18h20, la séance reprend, et Philippe Pecout de demander à ce que les déclarations soient effectuées après le vote. « Ce n’est pas concevable, les débats ont toujours lieu avant le vote », fera remarquer l’ancien maire Patrice Prat, avant que finalement la parole soit donnée à Aziza Durand. Dans une longue intervention, celle qui était encore adjointe se défendra en affirmant qu’elle avait agi pour l’intérêt général en se désolidarisant de la majorité, « mais encore faut-il défendre l’intérêt général et pas celui d’un clan », lancera-t-elle, avant de se dire « tenue à l’écart des dossiers », allusions aux accusations répétées de confiscation du pouvoir municipal par un quarteron d’élus. « Depuis presque quatre ans, la majorité est confrontée à de graves divergences », poursuivra l’élue, avant de marteler qu’elle n’avait cessé « d’alerter sur ce qui n’allait pas », en vain. Elle précisera ensuite qu’elle et ses camarades du nouveau groupe n’étaient « animées par aucune ambition personnelle. » Déjà bouillonnante, la conseillère municipale Pilar Meunier lancera qu’elle n’avait « pas honte d’être élue, surtout avec Philippe (Pecout, ndlr). »
La droite aussi
Le chef de file du groupe Laudun-l’Ardoise Renouveau Yves Cazorla dénoncera quant à lui un « climat délétère » avant d’appeler « chacun d’entre nous à se concentrer sur les dossiers importants pour la commune », puis de dire que son groupe trouvait la « sanction injustifiée » et voterait donc pour le maintien des deux adjointes. C’est alors qu’un spectacle dans le spectacle s’est ouvert, Philippe Poirier, élu du groupe Laudun-l’Ardoise Passionnément, né d’une scission de celui d’Yves Cazorla, tonnant qu’il trouvait malvenu qu’Yves Cazorla se pose en donneur de leçons, « car c’était pire avec vous, et encore je ne vais pas tout déballer ! »

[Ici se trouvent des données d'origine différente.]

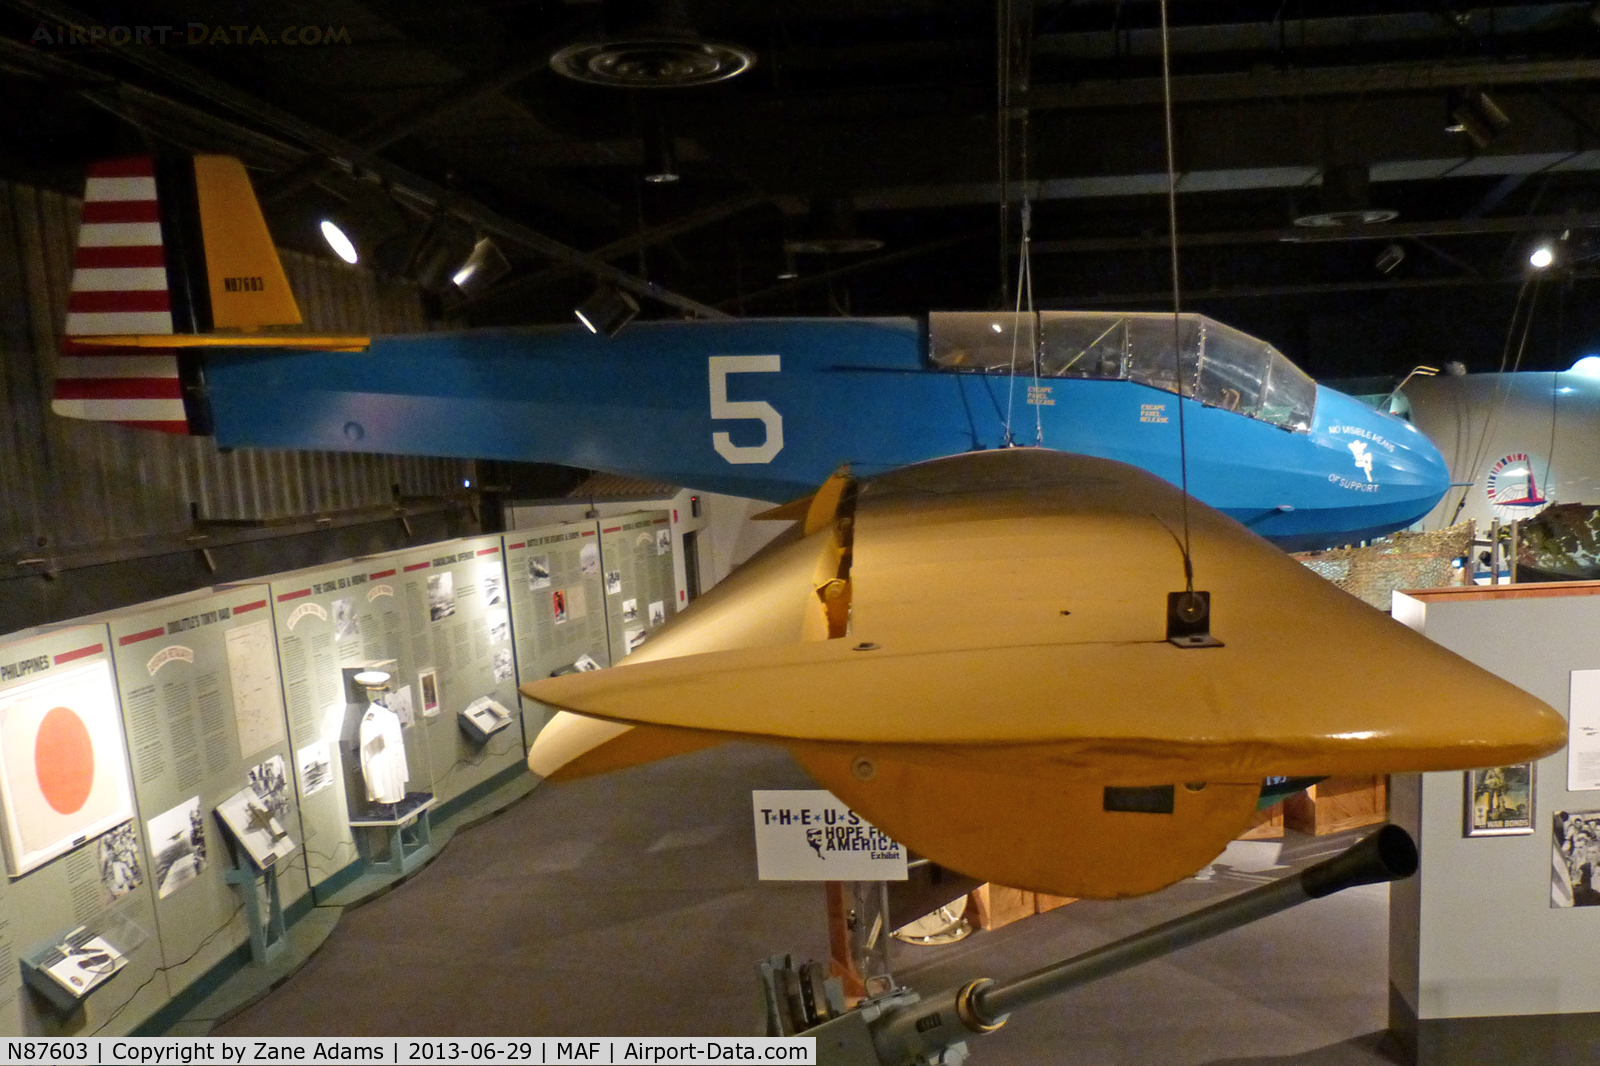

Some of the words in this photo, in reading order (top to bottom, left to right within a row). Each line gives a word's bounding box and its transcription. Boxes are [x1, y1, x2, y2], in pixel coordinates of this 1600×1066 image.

[708, 354, 785, 465] 5
[1328, 426, 1341, 434] NO
[1342, 426, 1372, 440] VISIBLE
[1371, 433, 1396, 453] MEANS
[1328, 473, 1340, 484] OF
[1339, 478, 1379, 493] SUPPORT
[0, 654, 50, 681] PHILIPPINES
[1487, 820, 1504, 828] WAR
[1504, 819, 1529, 828] BONDS
[825, 826, 864, 840] HOPE
[825, 837, 899, 851] AMERICA
[871, 852, 900, 860] Exhibit
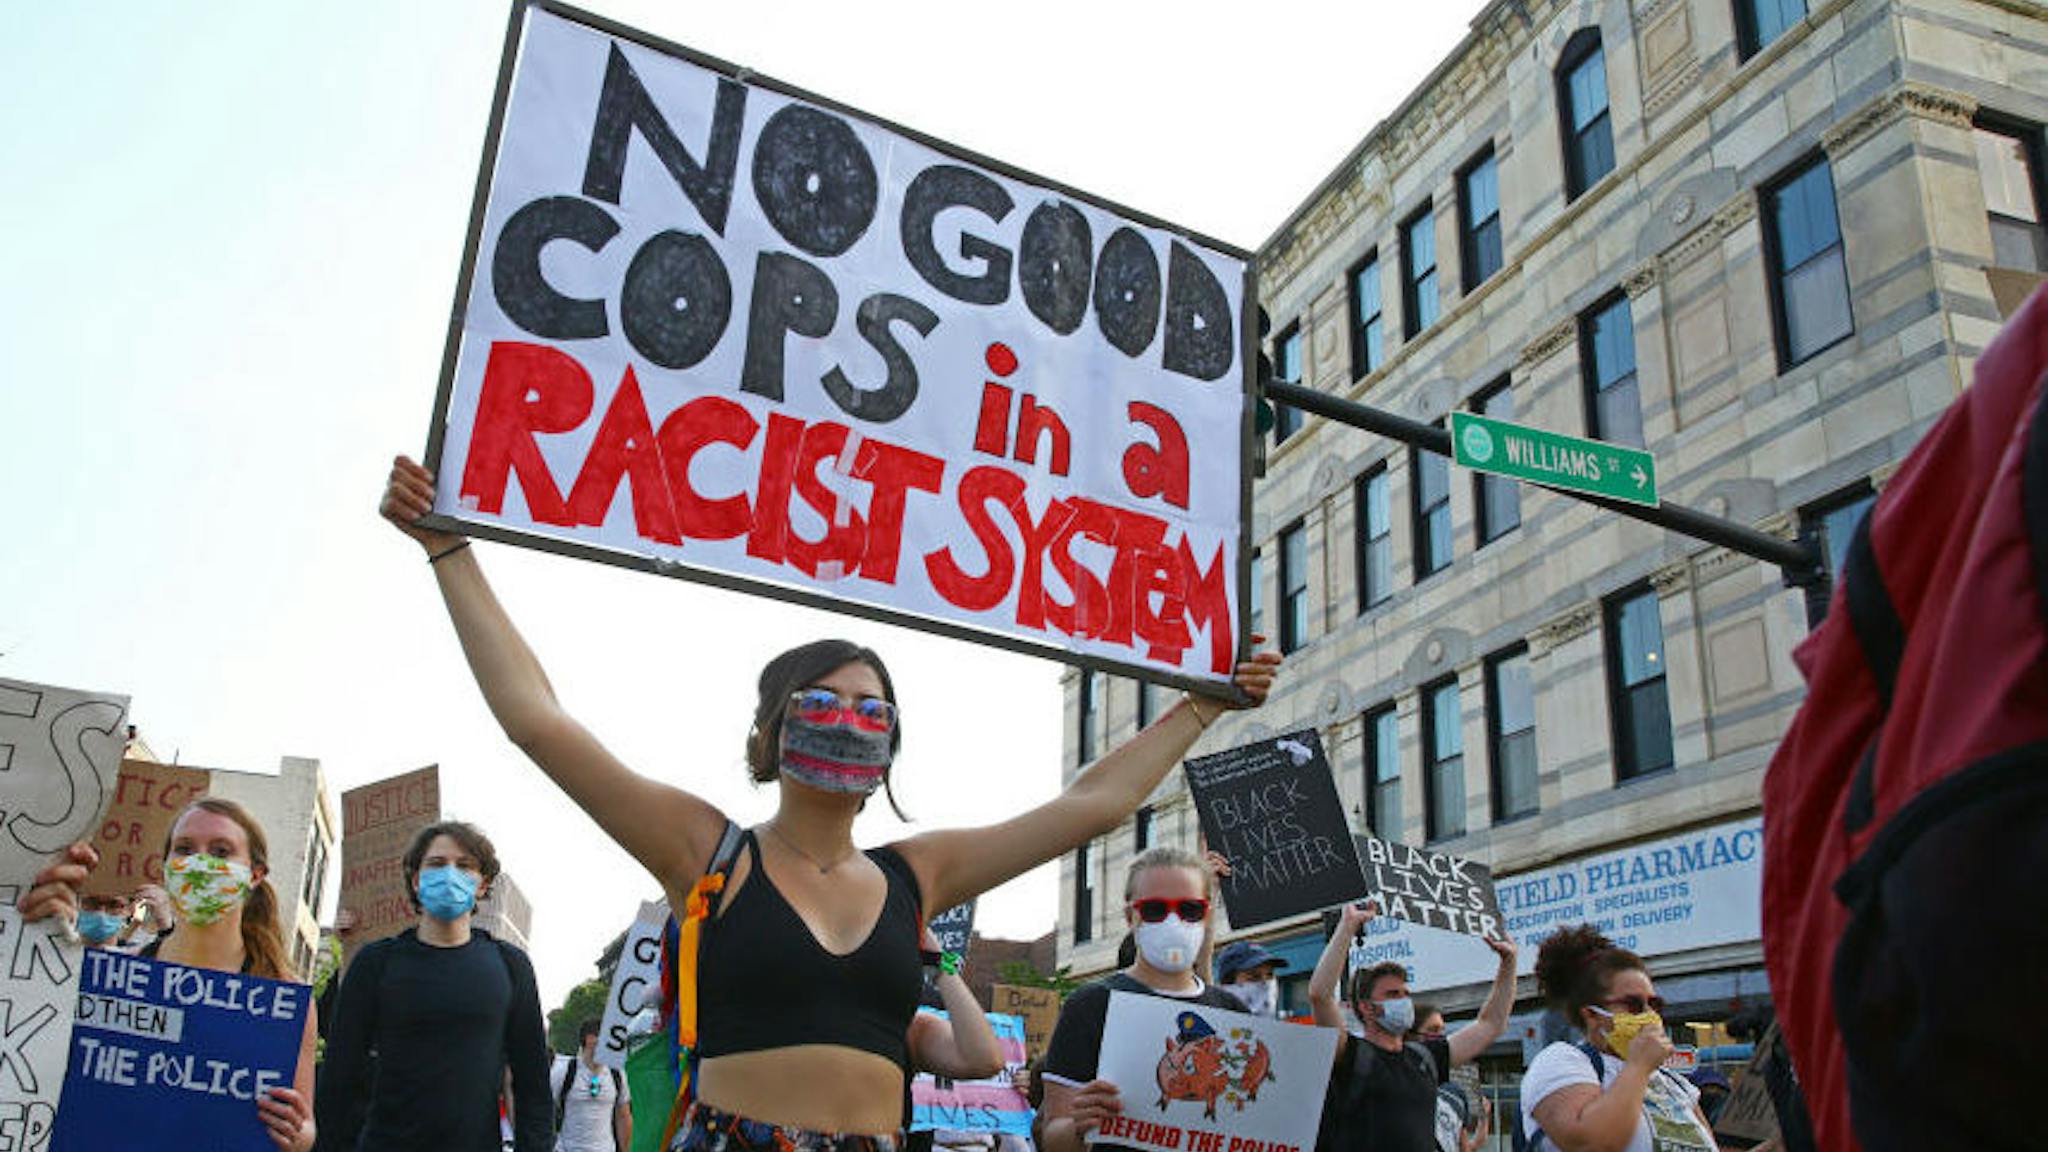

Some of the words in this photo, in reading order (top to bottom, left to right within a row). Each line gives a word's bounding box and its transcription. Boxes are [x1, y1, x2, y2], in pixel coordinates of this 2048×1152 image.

Le chef de ce deuxième groupe Jean-Pierre Laffont invitera le nouveau groupe des ex de la majorité à « travailler en équipe, pas à faire alliance, mais à travailler sur les dossiers importants en rangeant les clivages politiques au placard. » Enfin pas tous les clivages, puisqu’il estimera en passant que si Yves Cazorla devait prendre le fauteuil de maire, « nous irions au désastre, ce serait bien pire. » Ce dernier ne répondra pas, jugeant que ce n’était ni le lieu ni l’heure.
« Je sais ce qu’il s’est passé »
A peine cet épisode terminé que la conseillère municipale Suzanne Serve annonçait passer dans le groupe Laudun-l’Ardoise Uni, avant que l’ancien maire Patrice Prat ne prenne la parole. Enfin, serait-on tenté de dire, tant le néo-retraité de la politique fait l’objet de rumeurs et d’attaques balayées d’un revers de main : « paranoïa. » Assumant avoir pris la défense de ses quatre colistières, il démentira formellement avoir fomenté la division pour s’emparer du fauteuil de maire : « je suis le seul politique de la région à avoir dit que je mettais un terme à mon parcours politique. Je suis le premier à avoir tiré le rideau, et je me ferais donner la leçon par ceux qui veulent cannibaliser les places, se faire une place au soleil en laissant le bateau continuer à dériver ? Non ! » Pour lui, ses interventions étaient « pour mettre en garde », pas « pour prendre la place. » Qualifiant la situation d’« extrêmement critique », puis d’« ubuesque », il appellera à un retour aux urnes, « le seul juge de paix. » Son intervention finie, le conseiller municipal Romuald Lys prenait ses distances avec la majorité, non sans rhabiller pour l’hiver mais sans le nommer l’adjoint Serge Verdier, « avec son ego surdimensionné qui est l’homme déclencheur de cette situation. »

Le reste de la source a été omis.